Elle demande au tribunal de valider la contrainte de la caisse notifiée le 03 juillet 2023 et de dire bien fondée la créance de la caisse d’un montant ramené à 500,28 euros, suite à des récupérations sur prestations et enfin de condamner Mme [W] au paiement de cette somme.

Mme [W], comparant en personne, expose être auxiliaire de vie et être rémunérée dans le cadre d’un CESU, avoir perdu certains de ses employeurs suite à un décès ou à un placement en maison de retraite, que sa situation financière ne lui permet pas de rembourser cette somme alors qu’elle est au chômage avec une fille à charge. Elle sollicite une remise de l’indû au motif que l’erreur ne vient pas d’elle mais de la caisse.

MOTIFS DE LA DÉCISION

Il convient en préalable de rappeler qu’en formant opposition à contrainte, l’opposant a, devant le pôle social du tribunal judiciaire, la qualité de défendeur.

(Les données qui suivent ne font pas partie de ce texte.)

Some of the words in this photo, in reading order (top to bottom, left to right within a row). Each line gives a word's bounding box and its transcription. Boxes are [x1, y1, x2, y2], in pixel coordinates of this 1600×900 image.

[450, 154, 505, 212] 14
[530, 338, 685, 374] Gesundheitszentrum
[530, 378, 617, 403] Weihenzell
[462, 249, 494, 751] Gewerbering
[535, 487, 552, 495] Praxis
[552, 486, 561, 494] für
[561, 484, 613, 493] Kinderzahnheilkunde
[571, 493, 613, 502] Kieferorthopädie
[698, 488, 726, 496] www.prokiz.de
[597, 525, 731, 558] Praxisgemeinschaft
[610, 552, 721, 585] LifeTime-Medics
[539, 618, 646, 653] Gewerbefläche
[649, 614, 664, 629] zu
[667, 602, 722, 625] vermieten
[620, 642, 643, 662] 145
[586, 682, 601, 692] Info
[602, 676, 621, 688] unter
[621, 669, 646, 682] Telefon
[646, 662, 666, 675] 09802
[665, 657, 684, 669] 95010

Sur la recevabilité de l’opposition à contrainte

En application de l'article R.133-3 du code de la sécurité sociale, le débiteur peut former opposition par inscription au secrétariat du tribunal compétent dans le ressort duquel il est domicilié ou pour les débiteurs domiciliés à l'étranger, au secrétariat du tribunal compétent dans le ressort de l'organisme créancier, par lettre recommandée avec demande d'avis de réception adressée au secrétariat dudit tribunal dans les quinze jours à compter de la notification ou de la signification.

En l’espèce, la contrainte a été notifiée le 03 juillet 2023 à Madame [W] qui formé opposition à la contrainte litigieuse dans le délai requis, la requête ayant été réceptionnée au pôle social du tribunal judiciaire de Versailles le 11 juillet 2023.

L’opposition à contrainte sera en conséquence déclarée recevable. Sur la demande de la caisse en restitution de l’indû

En application des dispositions de l’article 1302 du code civil, tout paiement suppose une dette ; ce qui a été reçu sans être dû est sujet à restitution. L’article 1302-1 du même code précise que celui qui reçoit par erreur ou sciemment ce qui ne lui est pas dû doit le restituer à celui de qui il l’a indûment reçu. Il convient enfin de rappeler que, dans le cadre d’une opposition à contrainte, ce n’est pas à l’organisme de recouvrement de rapporter la preuve du bien-fondé de sa créance, mais au cotisant qui forme opposition d’établir son caractère infondé ou injustifié.